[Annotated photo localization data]
-=-=-=-=-
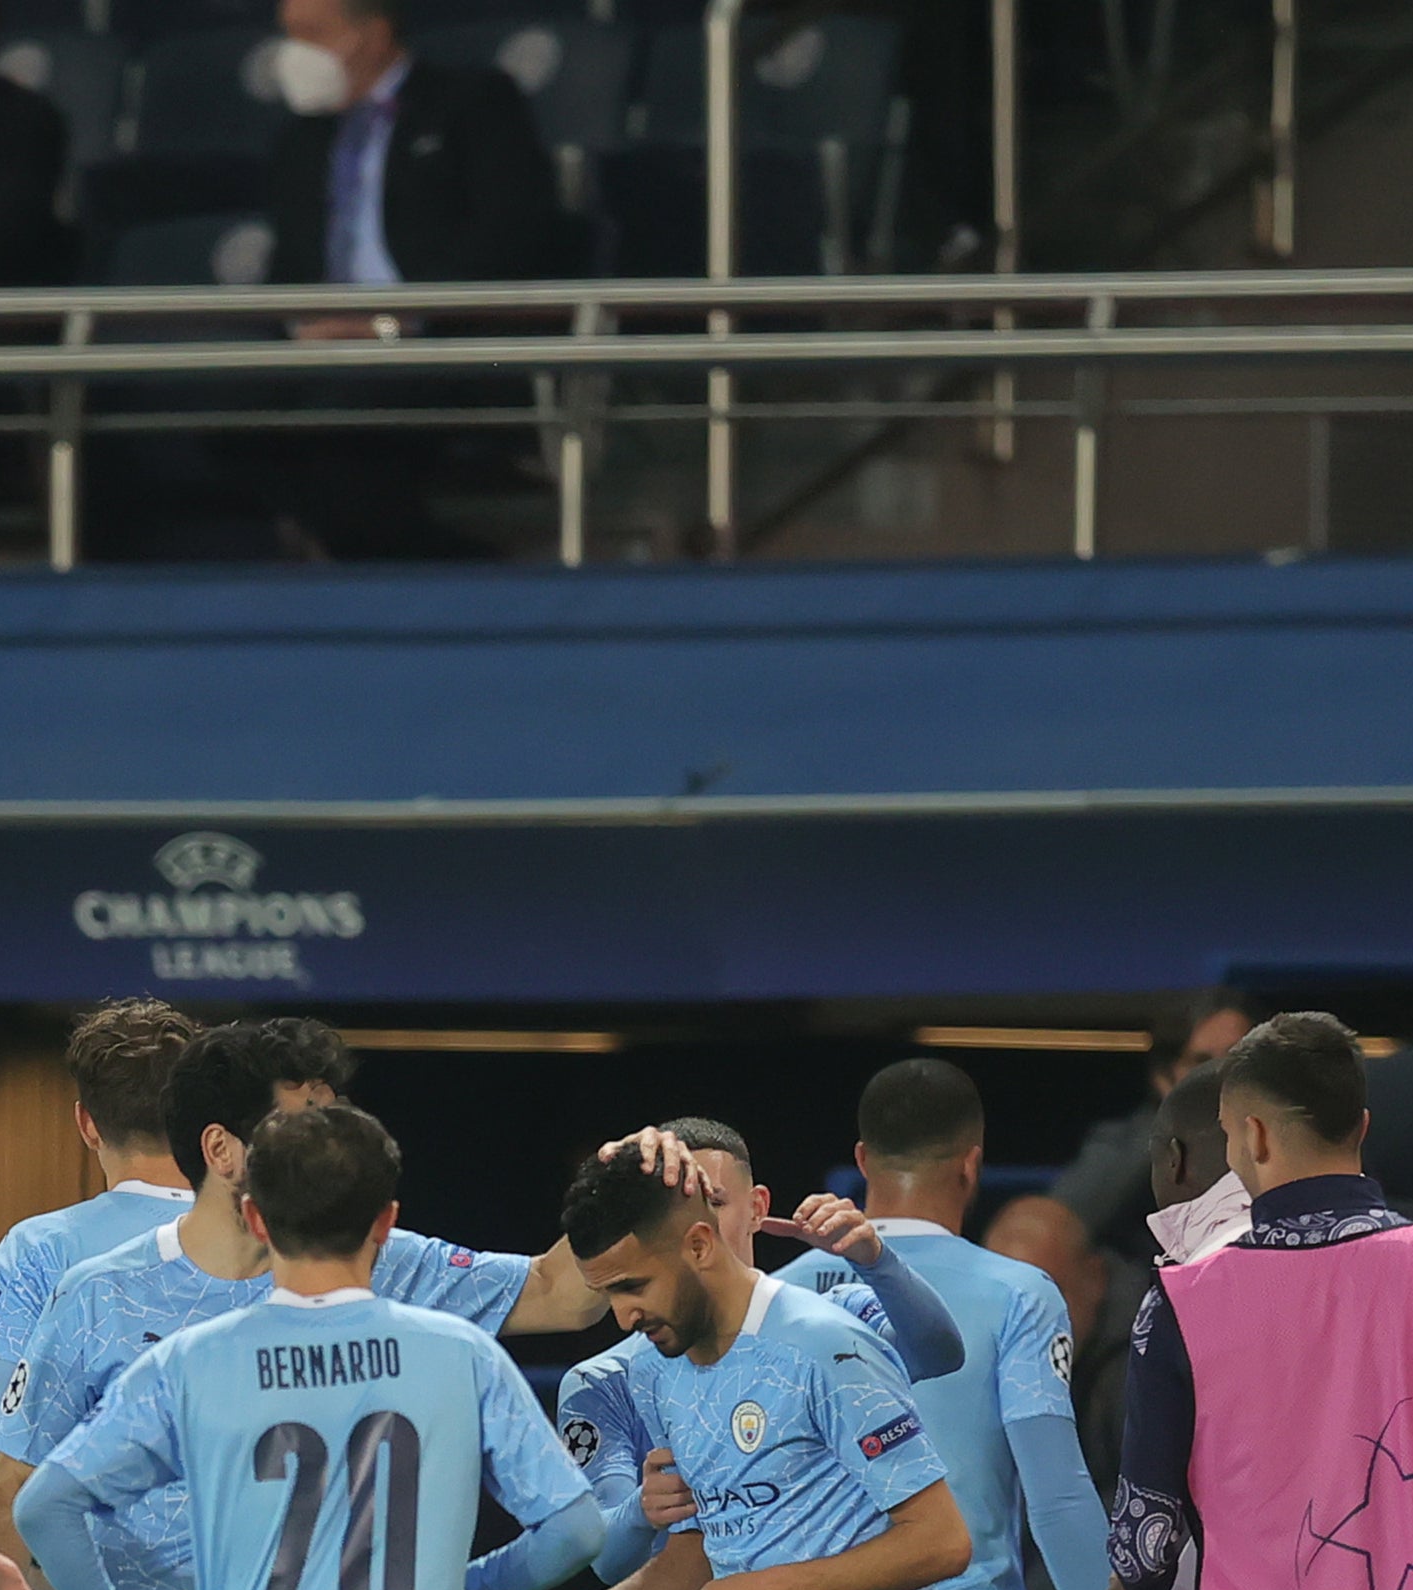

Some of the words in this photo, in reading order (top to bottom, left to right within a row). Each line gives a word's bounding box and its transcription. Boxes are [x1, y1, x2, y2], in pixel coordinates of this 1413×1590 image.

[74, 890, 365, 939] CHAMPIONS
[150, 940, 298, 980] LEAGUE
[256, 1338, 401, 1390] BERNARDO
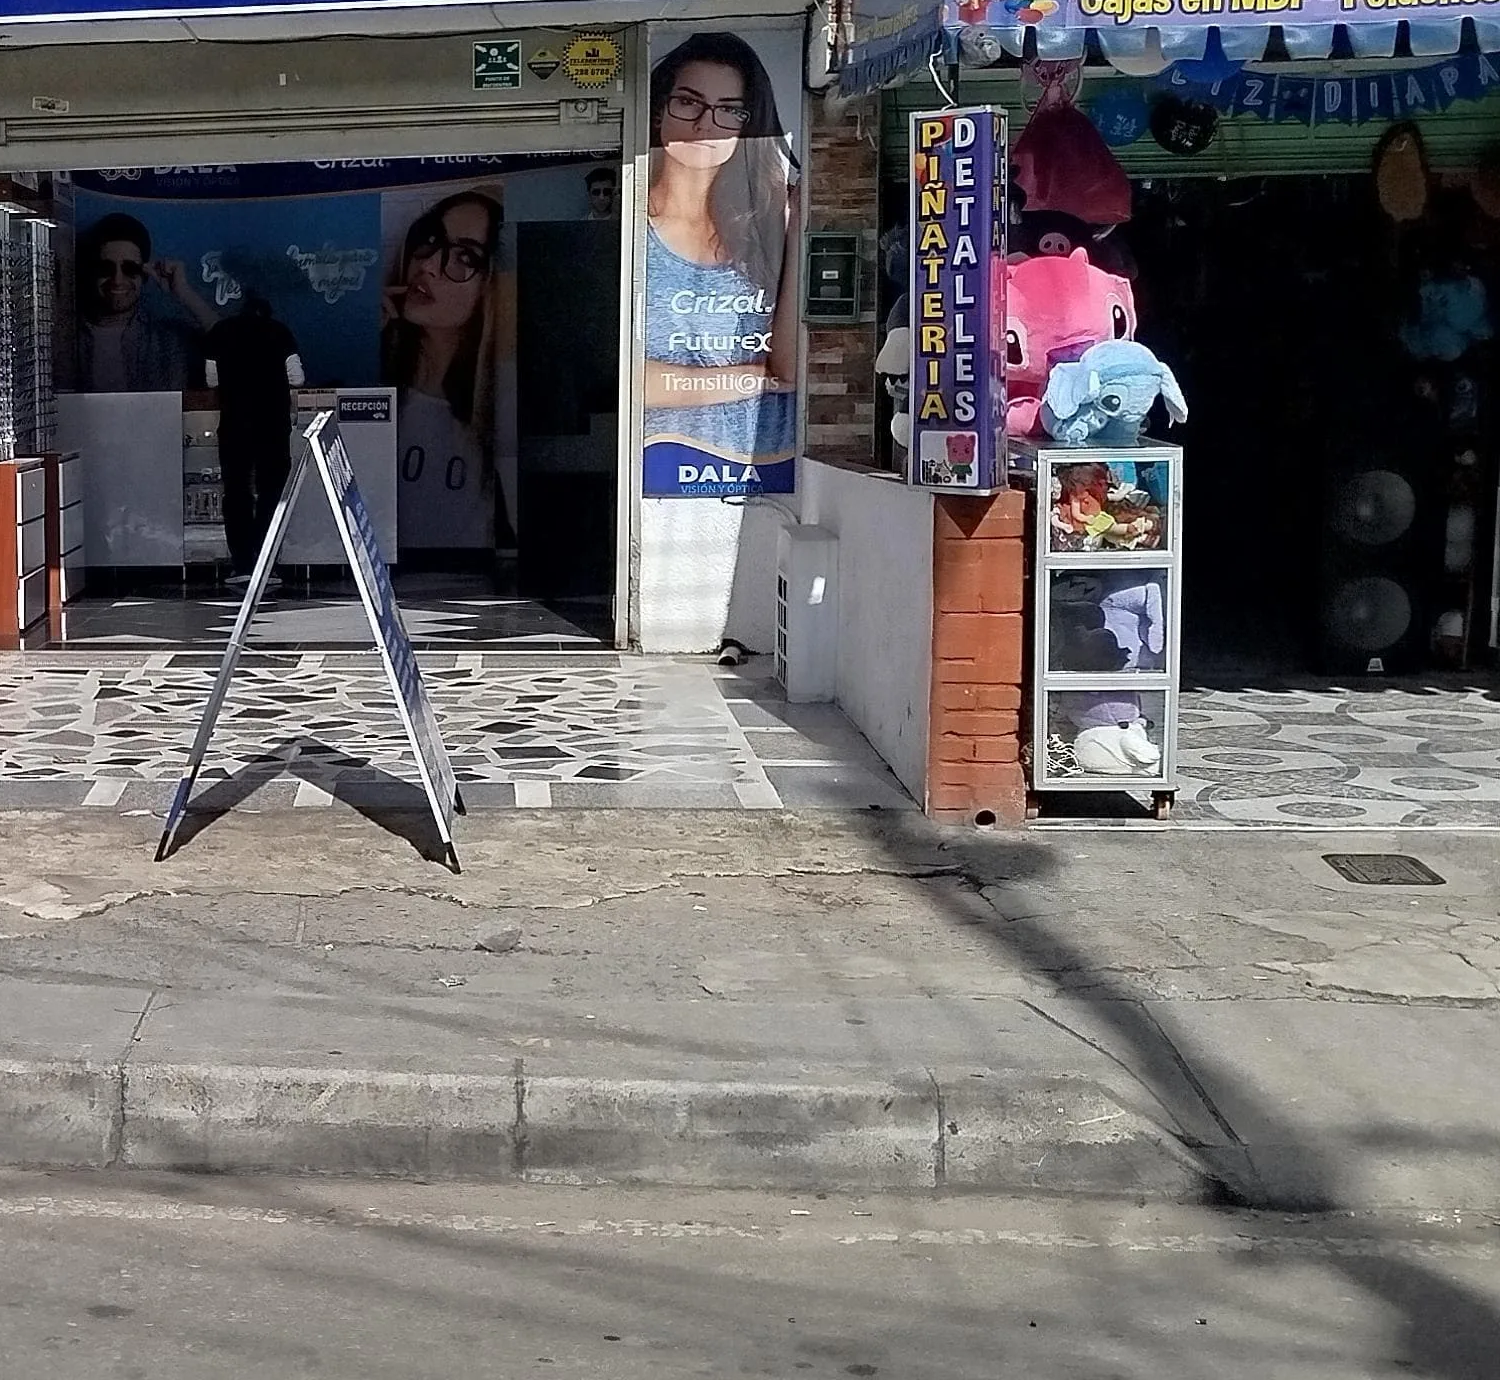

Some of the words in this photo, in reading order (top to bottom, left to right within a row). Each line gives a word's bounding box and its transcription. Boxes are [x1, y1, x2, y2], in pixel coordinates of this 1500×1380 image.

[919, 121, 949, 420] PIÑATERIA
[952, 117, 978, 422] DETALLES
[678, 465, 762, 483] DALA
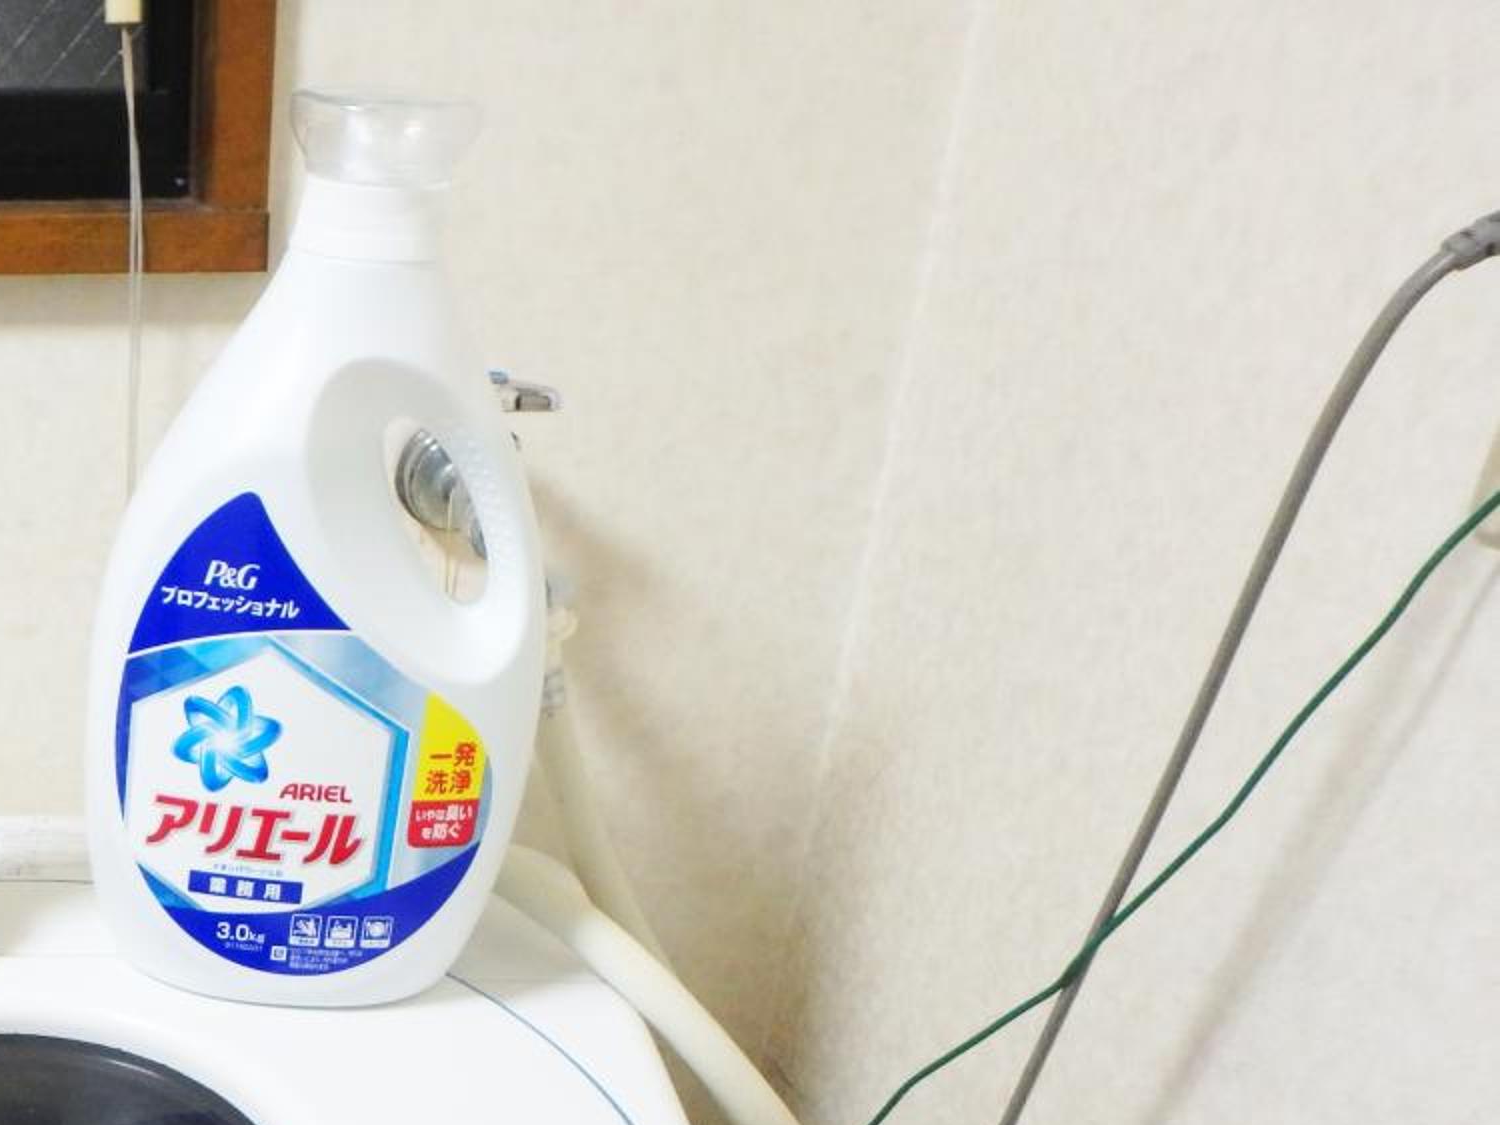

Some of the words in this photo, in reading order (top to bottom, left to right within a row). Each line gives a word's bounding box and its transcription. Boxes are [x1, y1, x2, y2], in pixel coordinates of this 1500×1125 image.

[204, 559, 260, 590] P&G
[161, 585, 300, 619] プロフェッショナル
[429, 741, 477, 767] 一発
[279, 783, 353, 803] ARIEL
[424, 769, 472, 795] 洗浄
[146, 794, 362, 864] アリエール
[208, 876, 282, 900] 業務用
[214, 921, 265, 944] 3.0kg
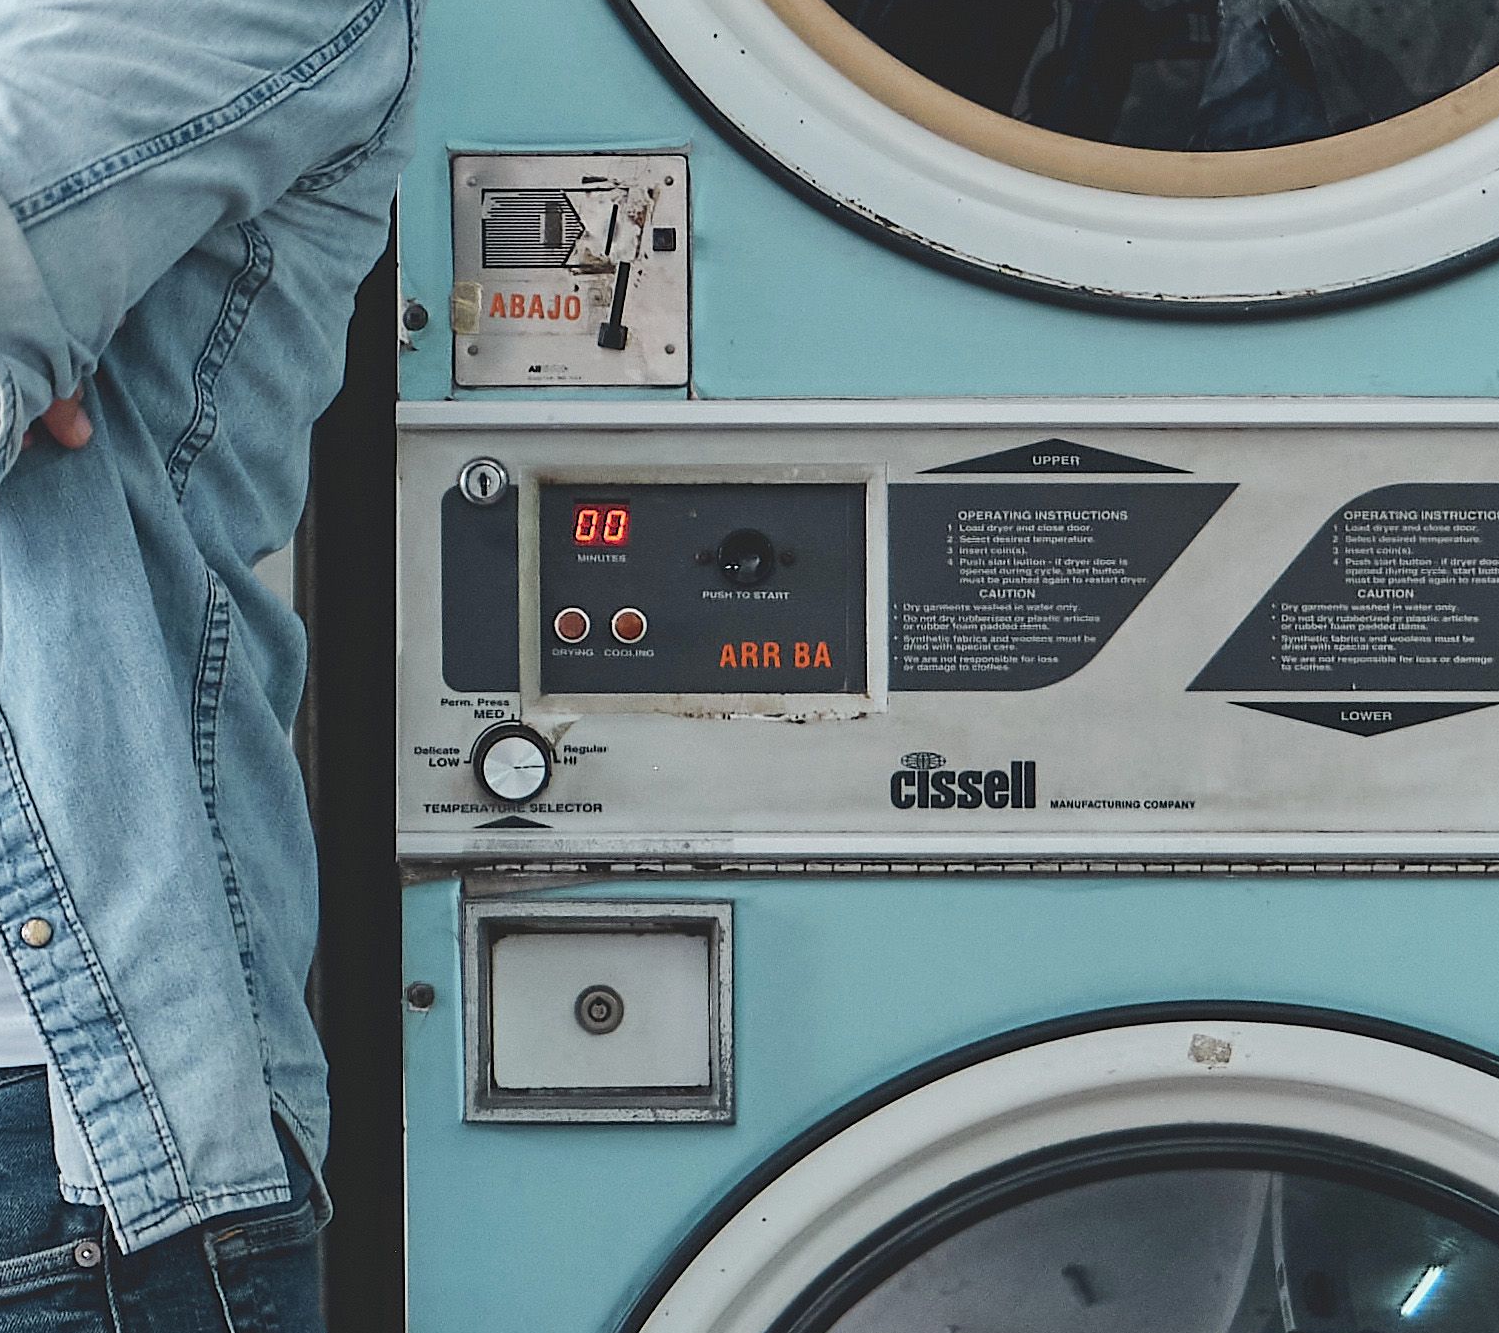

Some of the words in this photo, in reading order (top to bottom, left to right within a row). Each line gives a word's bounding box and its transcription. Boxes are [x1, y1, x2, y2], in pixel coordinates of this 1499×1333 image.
-=-=-=-=-
Every entry, exactly as written: transcribe it, passing over any pictures.

Some of the words in this photo, in reading order (top to bottom, left to right within a row). Each line gives a word's bounding box and its transcription. Boxes are [x1, y1, x2, y2], in pixel coordinates of this 1413×1590 image.

[74, 890, 365, 939] CHAMPIONS
[150, 940, 298, 980] LEAGUE
[256, 1338, 401, 1390] BERNARDO

Some of the words in this photo, in reading order (top to bottom, left to right within a row). Each line gives a word's bounding box and its transcription. Boxes are [x1, y1, x2, y2], in pixel coordinates of this 1500×1380 image.

[919, 121, 949, 420] PIÑATERIA
[952, 117, 978, 422] DETALLES
[678, 465, 762, 483] DALA

Some of the words in this photo, in reading order (top to bottom, left to right within a row). Each line gives a word's bounding box and its transcription. Boxes are [x1, y1, x2, y2], in pixel coordinates of this 1500×1125 image.

[204, 559, 260, 590] P&G
[161, 585, 300, 619] プロフェッショナル
[429, 741, 477, 767] 一発
[279, 783, 353, 803] ARIEL
[424, 769, 472, 795] 洗浄
[146, 794, 362, 864] アリエール
[208, 876, 282, 900] 業務用
[214, 921, 265, 944] 3.0kg

Some of the words in this photo, in reading order (top to bottom, left to right within a row). Each line gives a word's bounding box and its transcription. Boxes are [x1, y1, x2, y2], in pixel coordinates of this 1499×1333 image.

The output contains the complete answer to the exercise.